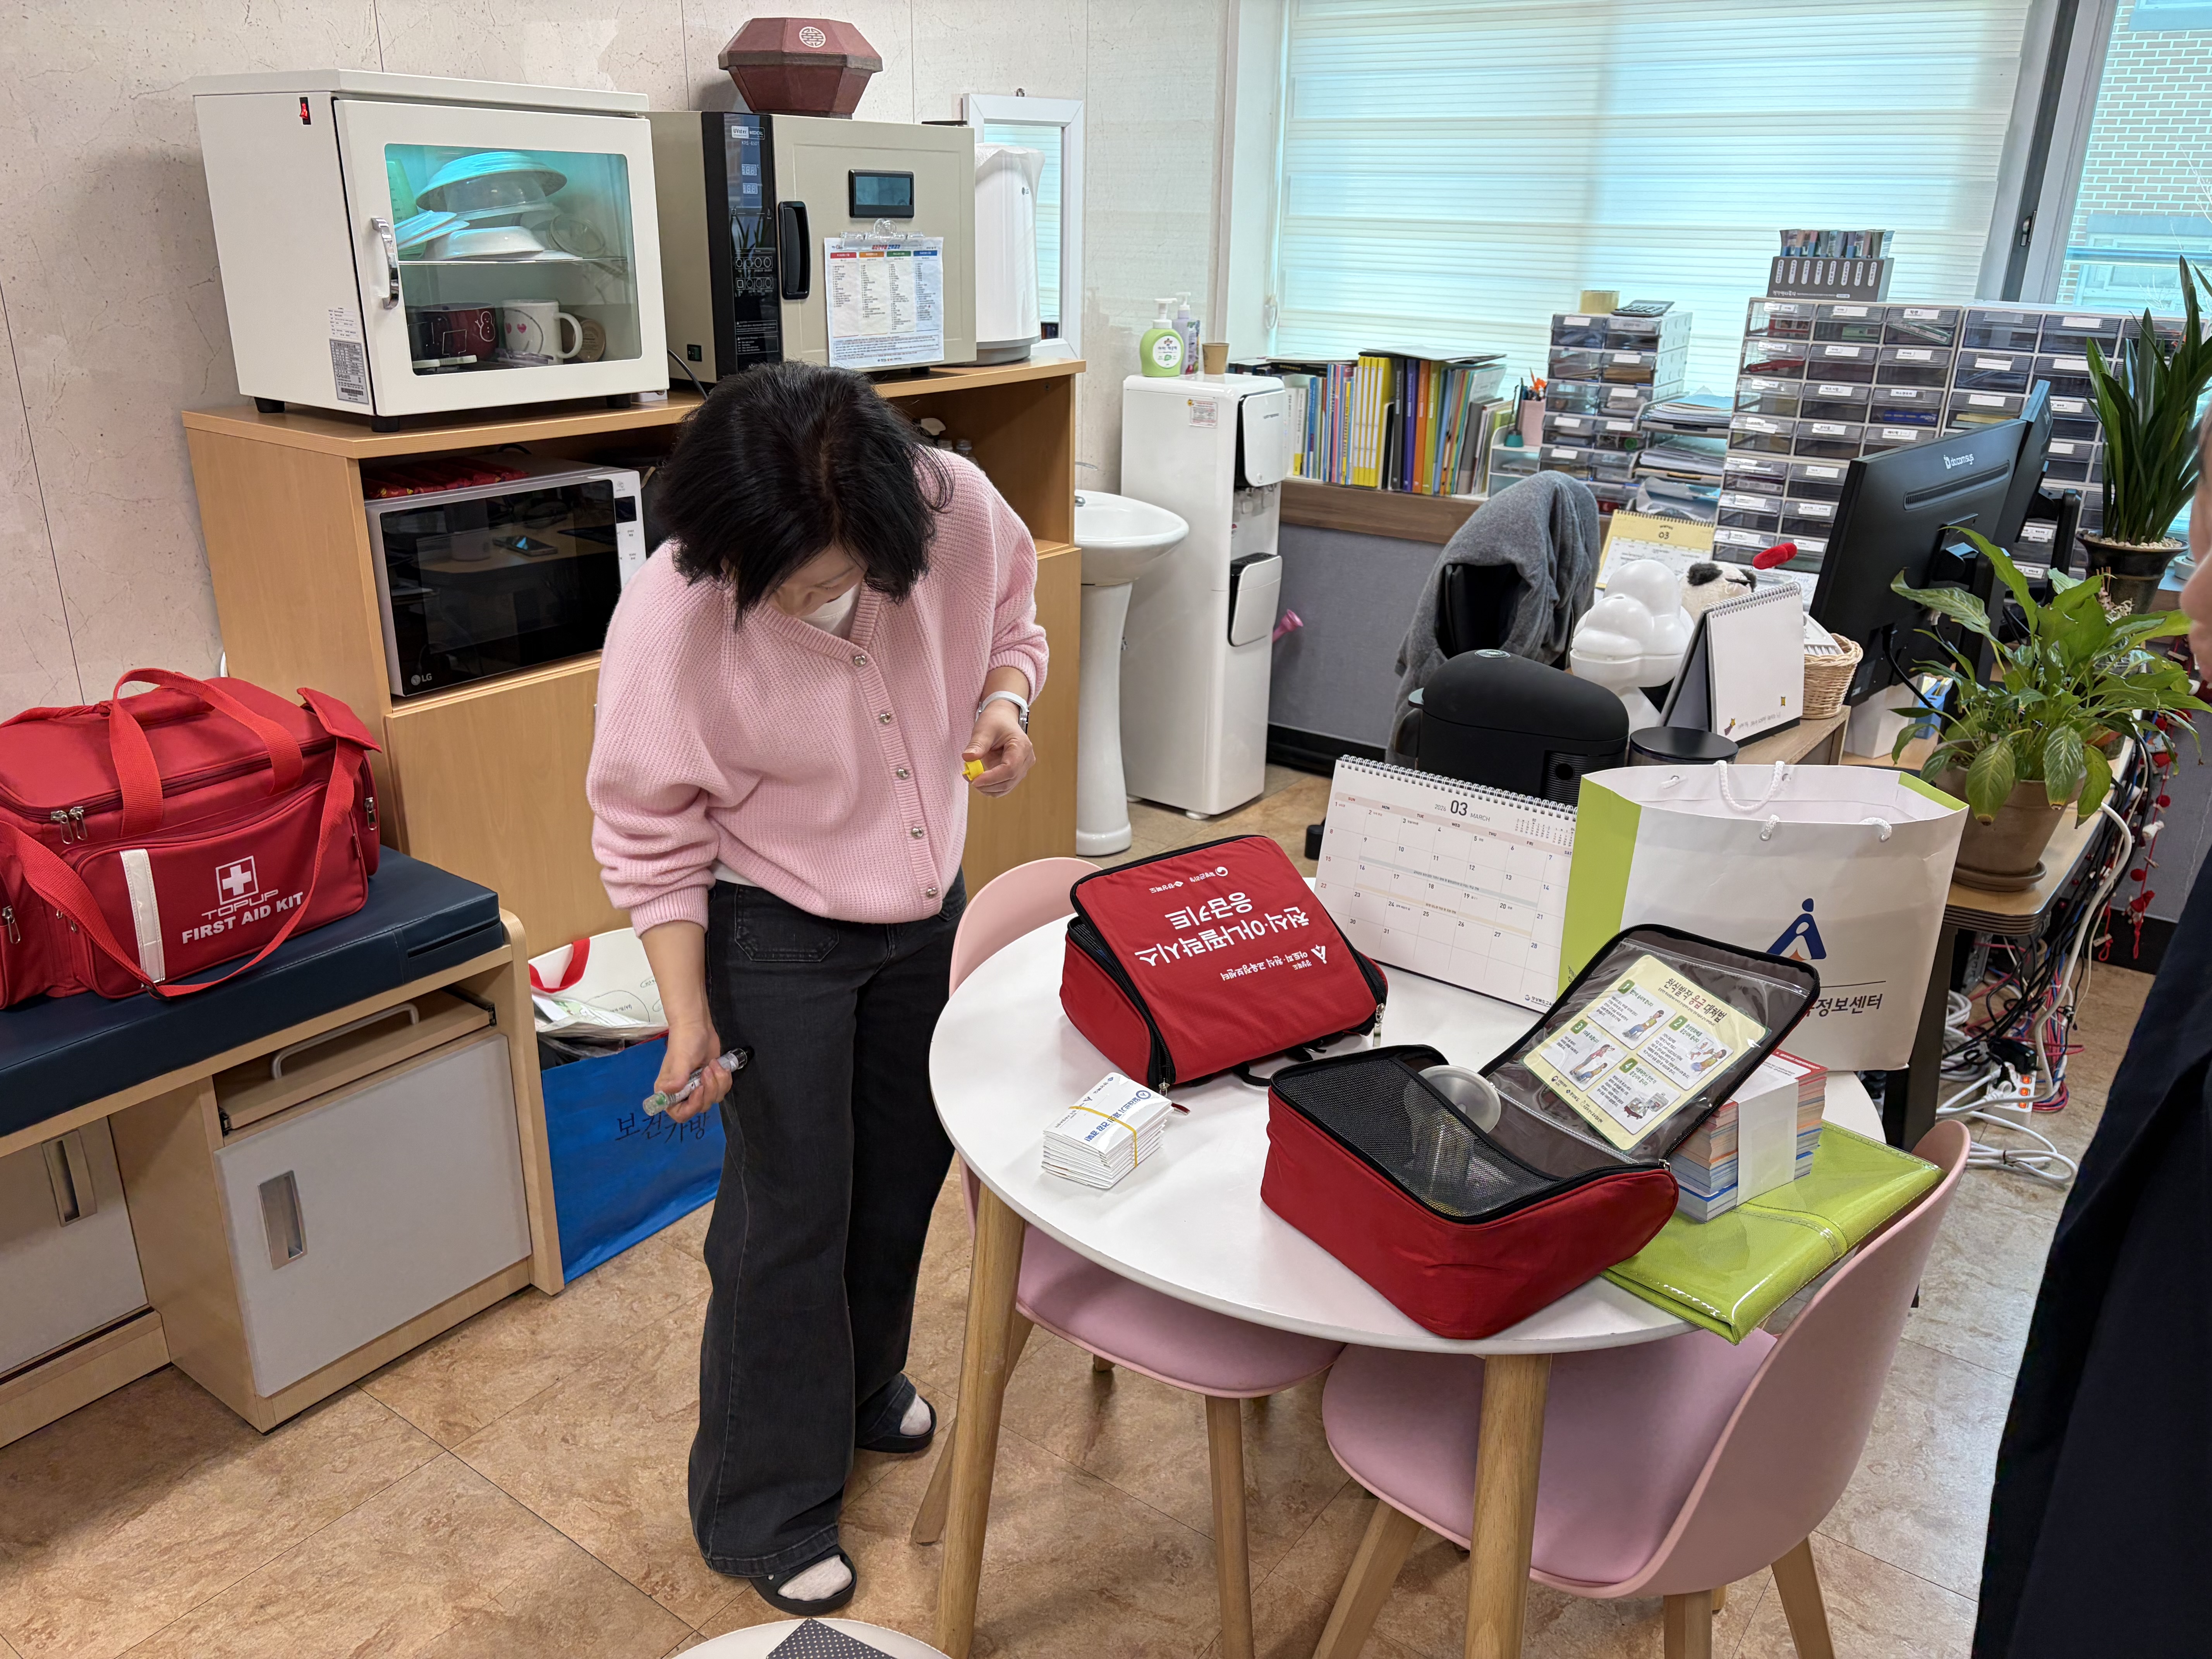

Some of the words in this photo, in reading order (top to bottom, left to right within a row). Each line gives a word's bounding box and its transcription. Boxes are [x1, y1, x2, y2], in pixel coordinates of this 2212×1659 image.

[1659, 531, 1670, 539] 03
[422, 673, 432, 682] LG
[1450, 800, 1468, 816] 03
[1470, 813, 1490, 822] MARCH
[182, 916, 236, 944] FIRST
[241, 905, 271, 925] AID
[276, 891, 304, 913] KIT
[201, 889, 279, 920] TOPUP
[1164, 892, 1253, 930] 응급키트
[1134, 906, 1310, 967] 천식·아나필락시스
[1220, 961, 1266, 981] 교육정보센터
[1664, 978, 1693, 1001] 천식발작
[1689, 995, 1706, 1010] 응급
[1703, 1004, 1728, 1023] 대처법
[1674, 1019, 1682, 1027] 2
[615, 1112, 711, 1144] 보건가방
[1096, 1121, 1110, 1132] 건강
####
• **Work item**: Whatever the records hold apart from pictures should be repeated exactly.

• **Task answer**:
Some of the words in this photo, in reading order (top to bottom, left to right within a row). Each line gives a word's bounding box and its transcription. Boxes are [x1, y1, x2, y2], in pixel coordinates of this 2212×1659 image.

[1659, 531, 1670, 539] 03
[422, 673, 432, 682] LG
[1450, 800, 1468, 816] 03
[1470, 813, 1490, 822] MARCH
[182, 916, 236, 944] FIRST
[241, 905, 271, 925] AID
[276, 891, 304, 913] KIT
[201, 889, 279, 920] TOPUP
[1164, 892, 1253, 930] 응급키트
[1134, 906, 1310, 967] 천식·아나필락시스
[1220, 961, 1266, 981] 교육정보센터
[1664, 978, 1693, 1001] 천식발작
[1689, 995, 1706, 1010] 응급
[1703, 1004, 1728, 1023] 대처법
[1674, 1019, 1682, 1027] 2
[615, 1112, 711, 1144] 보건가방
[1096, 1121, 1110, 1132] 건강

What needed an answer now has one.